From the line that contains "Some of the words" to the last line of the records below, copy everything exactly, both ends included.

** Opening Provided data block **

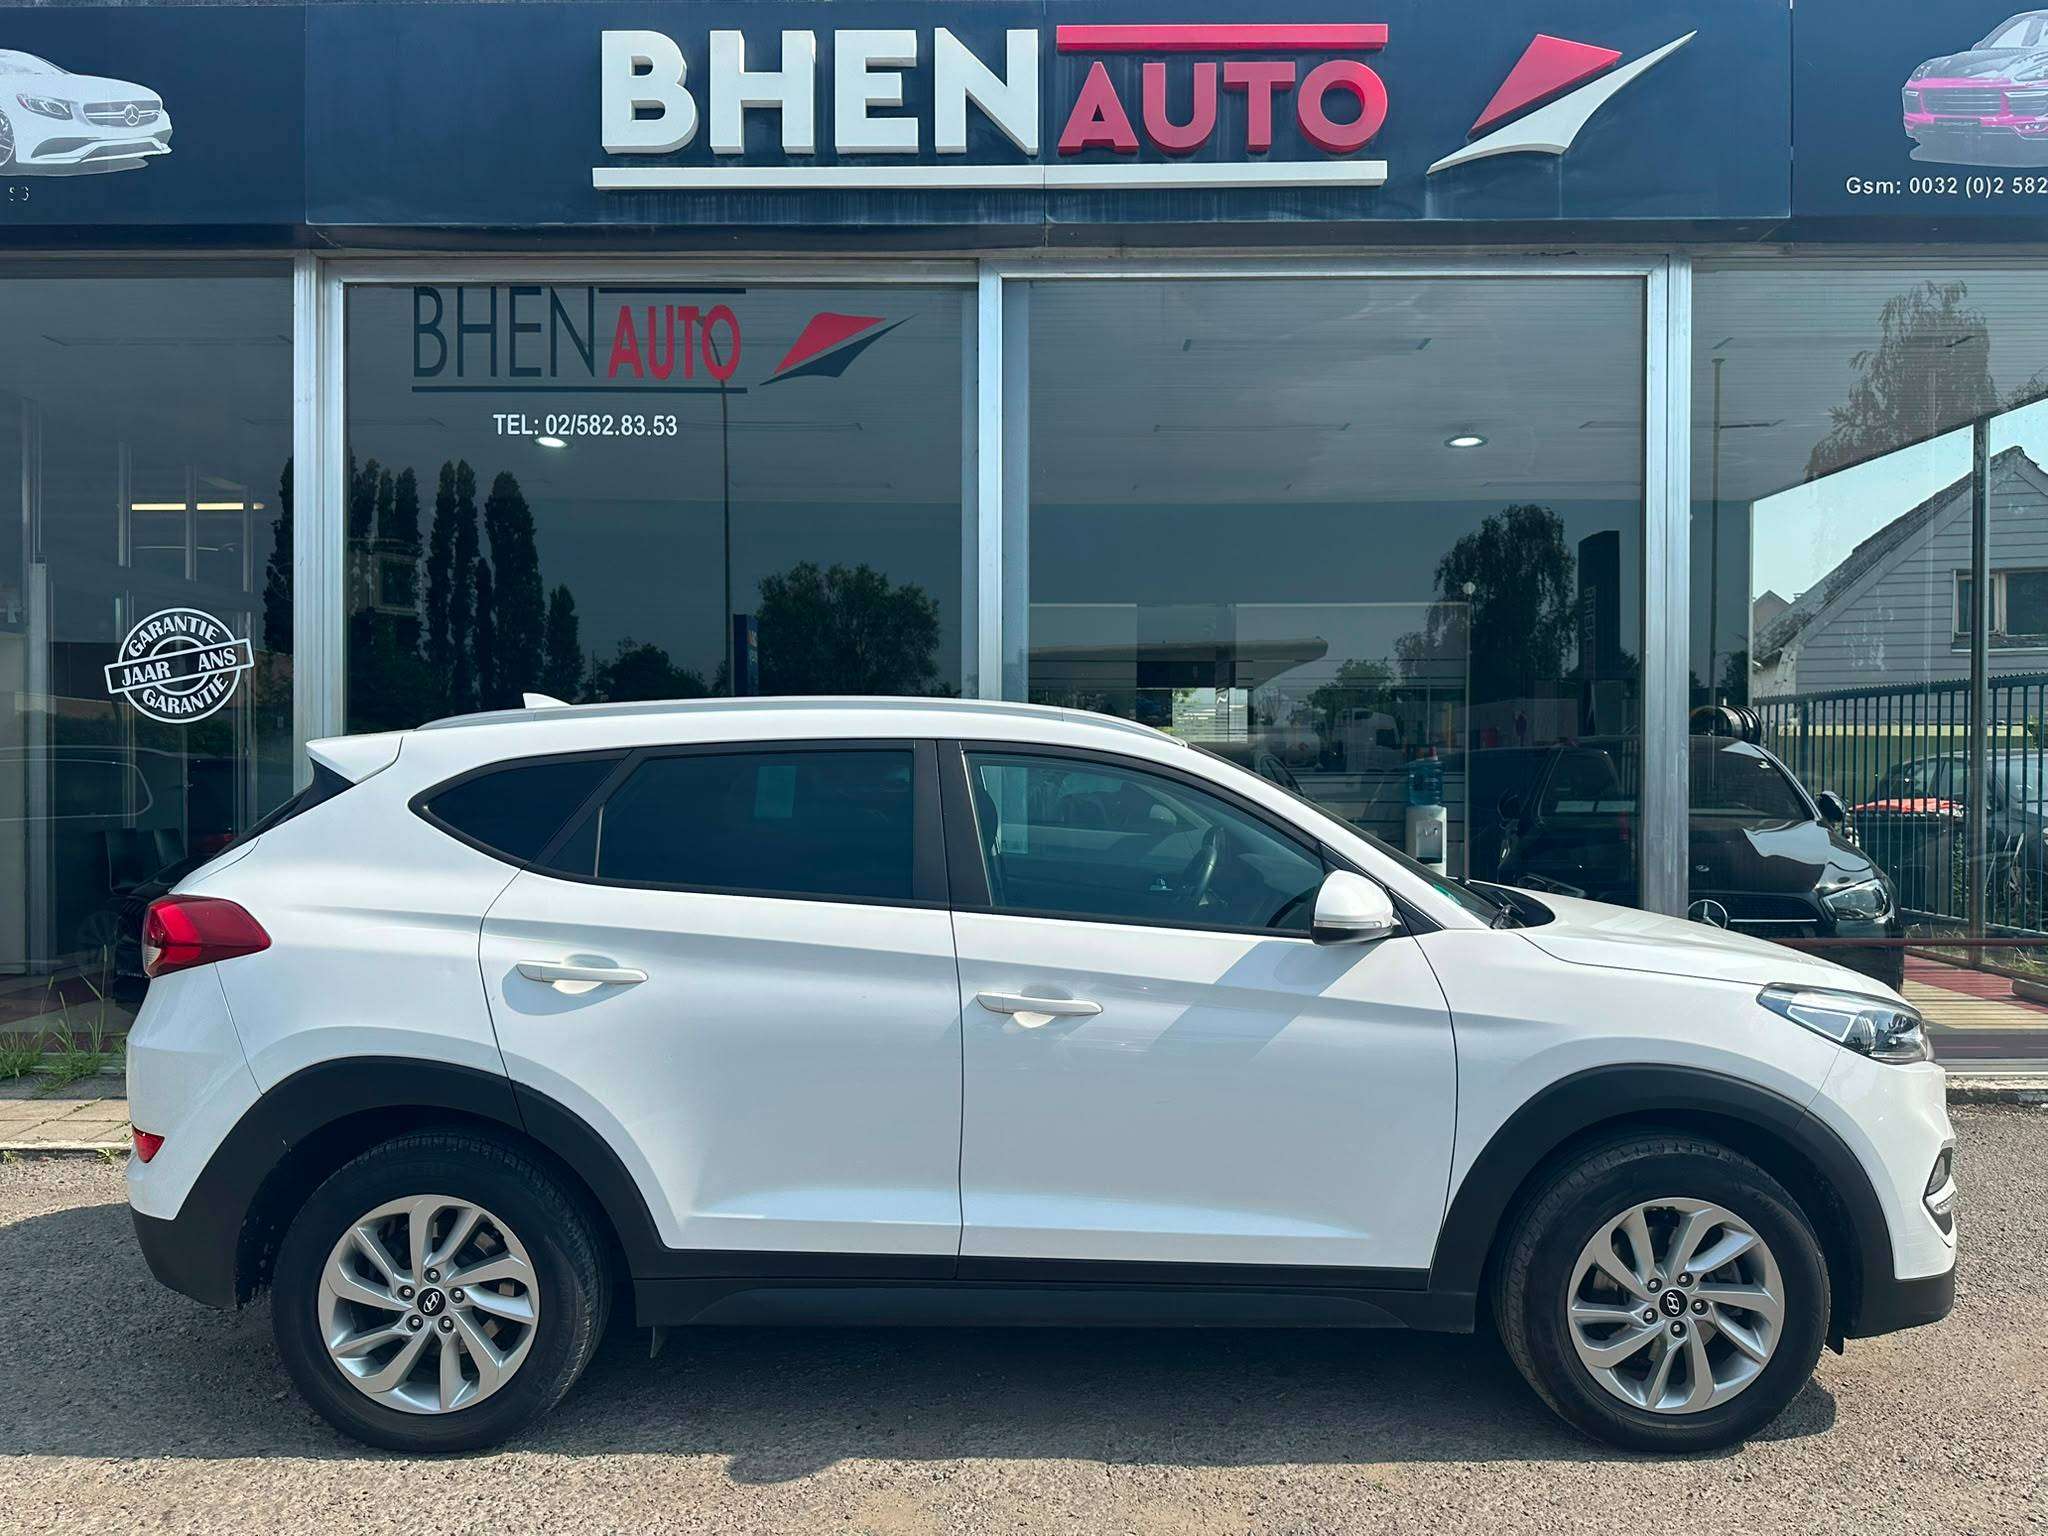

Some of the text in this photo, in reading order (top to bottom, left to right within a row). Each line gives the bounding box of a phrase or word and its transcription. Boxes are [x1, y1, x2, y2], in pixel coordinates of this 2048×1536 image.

[602, 28, 1388, 155] BHEN AUTO
[1846, 177, 2048, 198] Gsm: 0032 (0)2 582
[413, 286, 742, 381] BHEN AUTO
[493, 414, 677, 436] TEL: 02/582.83.53
[128, 615, 220, 657] GARANTIE
[122, 647, 237, 686] JAAR ANS
[142, 674, 229, 714] GARANTIE
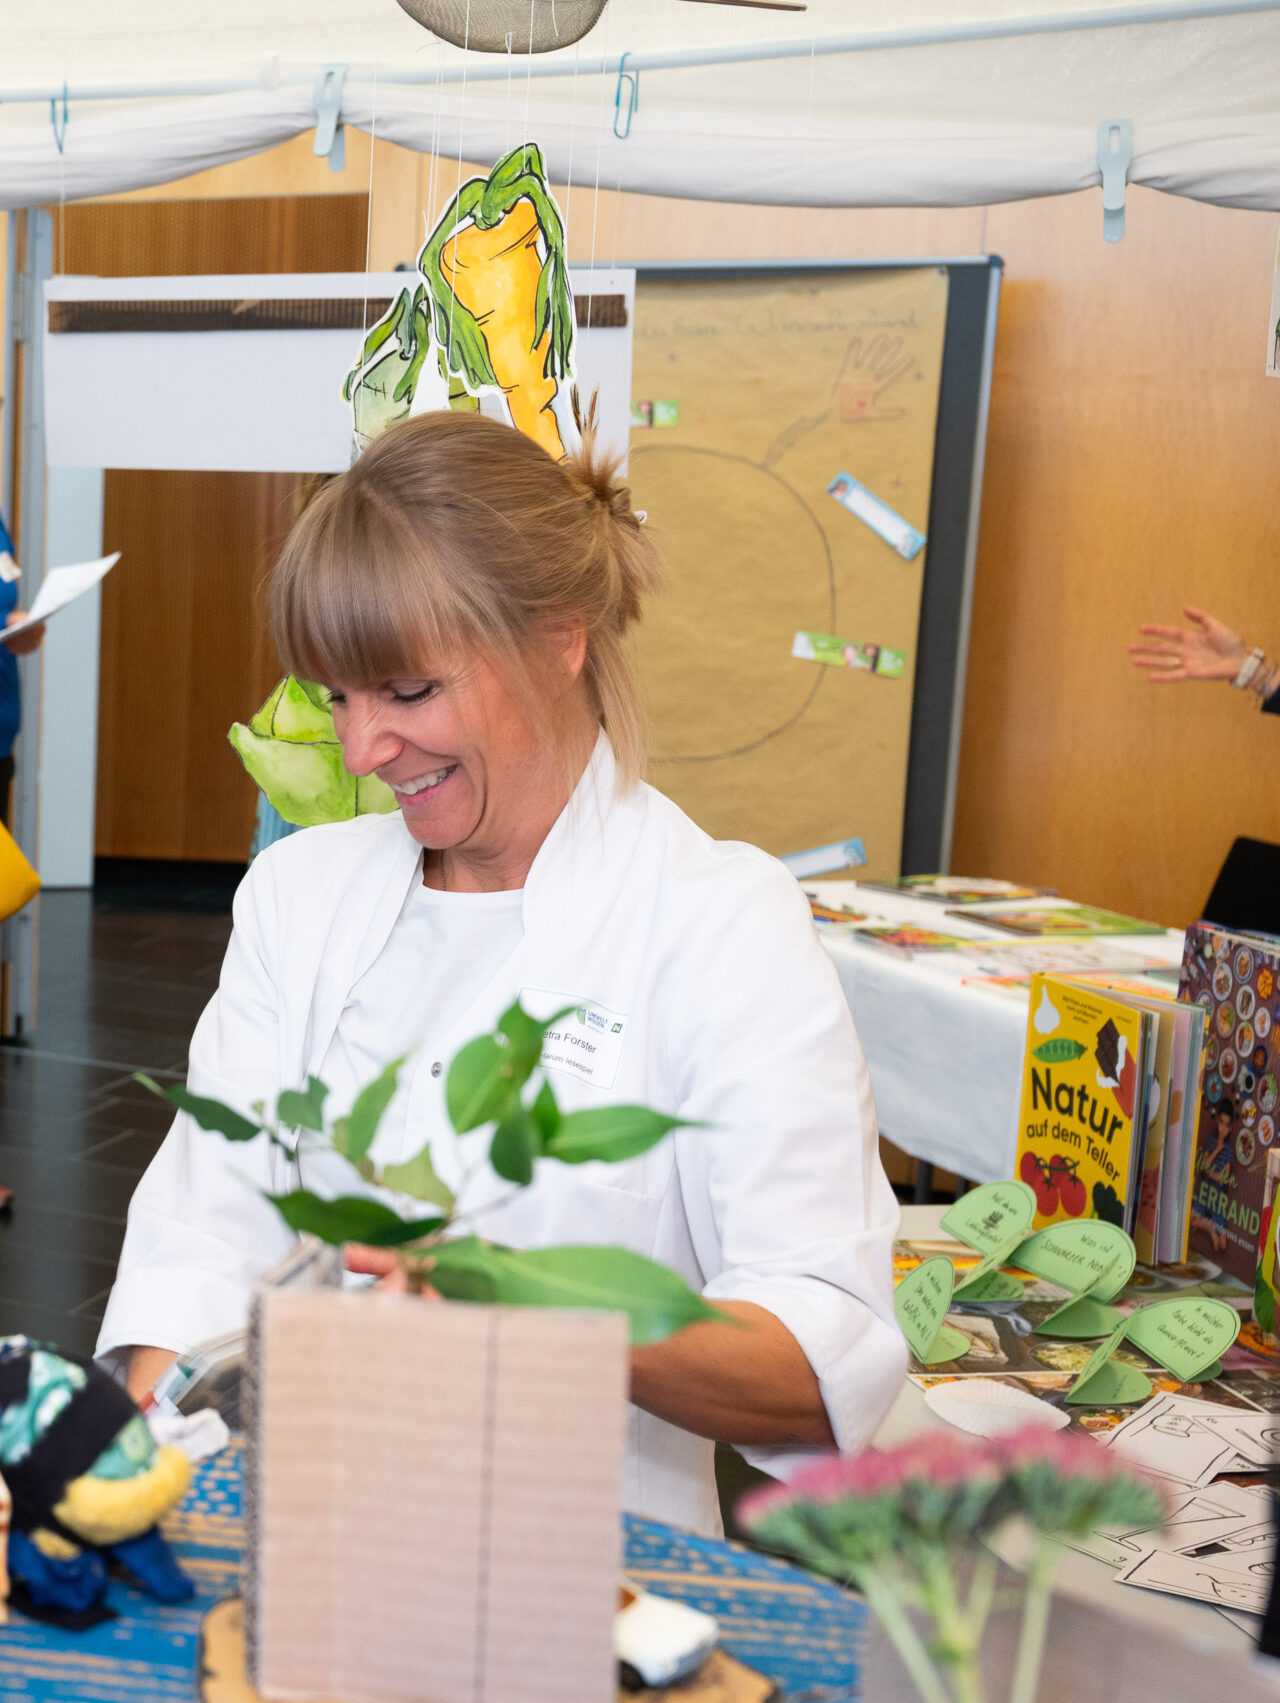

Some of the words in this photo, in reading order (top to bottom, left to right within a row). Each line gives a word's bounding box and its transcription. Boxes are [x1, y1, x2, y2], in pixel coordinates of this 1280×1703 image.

[543, 1029, 561, 1041] etra
[563, 1032, 597, 1054] Forster
[1031, 1066, 1124, 1145] Natur
[1026, 1117, 1049, 1140] auf
[1051, 1120, 1082, 1149] dem
[1086, 1135, 1121, 1182] Teller

** Closing Provided data block **

**Task result**.
Some of the words in this photo, in reading order (top to bottom, left to right within a row). Each line gives a word's bounding box and its transcription. Boxes are [x1, y1, x2, y2], in pixel coordinates of this 1280×1703 image.

[543, 1029, 561, 1041] etra
[563, 1032, 597, 1054] Forster
[1031, 1066, 1124, 1145] Natur
[1026, 1117, 1049, 1140] auf
[1051, 1120, 1082, 1149] dem
[1086, 1135, 1121, 1182] Teller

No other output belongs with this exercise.